Start of Block
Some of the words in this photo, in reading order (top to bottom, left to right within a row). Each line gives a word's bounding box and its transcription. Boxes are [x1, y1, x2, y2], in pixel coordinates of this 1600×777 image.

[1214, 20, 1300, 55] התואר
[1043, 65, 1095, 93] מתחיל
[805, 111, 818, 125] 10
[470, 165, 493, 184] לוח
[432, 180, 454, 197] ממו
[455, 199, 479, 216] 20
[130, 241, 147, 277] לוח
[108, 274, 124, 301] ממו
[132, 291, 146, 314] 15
End of Block
EXERCISE: All of the records are to be reproduced exactly as they were given.

RESULT FOR THIS EXERCISE:
Some of the words in this photo, in reading order (top to bottom, left to right within a row). Each line gives a word's bounding box and its transcription. Boxes are [x1, y1, x2, y2], in pixel coordinates of this 1600×777 image.

[1214, 20, 1300, 55] התואר
[1043, 65, 1095, 93] מתחיל
[805, 111, 818, 125] 10
[470, 165, 493, 184] לוח
[432, 180, 454, 197] ממו
[455, 199, 479, 216] 20
[130, 241, 147, 277] לוח
[108, 274, 124, 301] ממו
[132, 291, 146, 314] 15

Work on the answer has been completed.